• **PROBLEM TO WORK ON**
Print, exactly and completely, every entry in the data.

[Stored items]
....

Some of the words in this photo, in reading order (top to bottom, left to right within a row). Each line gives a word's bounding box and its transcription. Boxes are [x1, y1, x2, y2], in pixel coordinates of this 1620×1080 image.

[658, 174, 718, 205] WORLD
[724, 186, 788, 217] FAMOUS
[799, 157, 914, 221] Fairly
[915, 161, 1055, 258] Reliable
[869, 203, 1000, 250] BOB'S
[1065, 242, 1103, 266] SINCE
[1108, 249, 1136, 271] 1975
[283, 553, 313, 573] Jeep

....

• **SOLUTION BELOW**
Some of the words in this photo, in reading order (top to bottom, left to right within a row). Each line gives a word's bounding box and its transcription. Boxes are [x1, y1, x2, y2], in pixel coordinates of this 1620×1080 image.

[658, 174, 718, 205] WORLD
[724, 186, 788, 217] FAMOUS
[799, 157, 914, 221] Fairly
[915, 161, 1055, 258] Reliable
[869, 203, 1000, 250] BOB'S
[1065, 242, 1103, 266] SINCE
[1108, 249, 1136, 271] 1975
[283, 553, 313, 573] Jeep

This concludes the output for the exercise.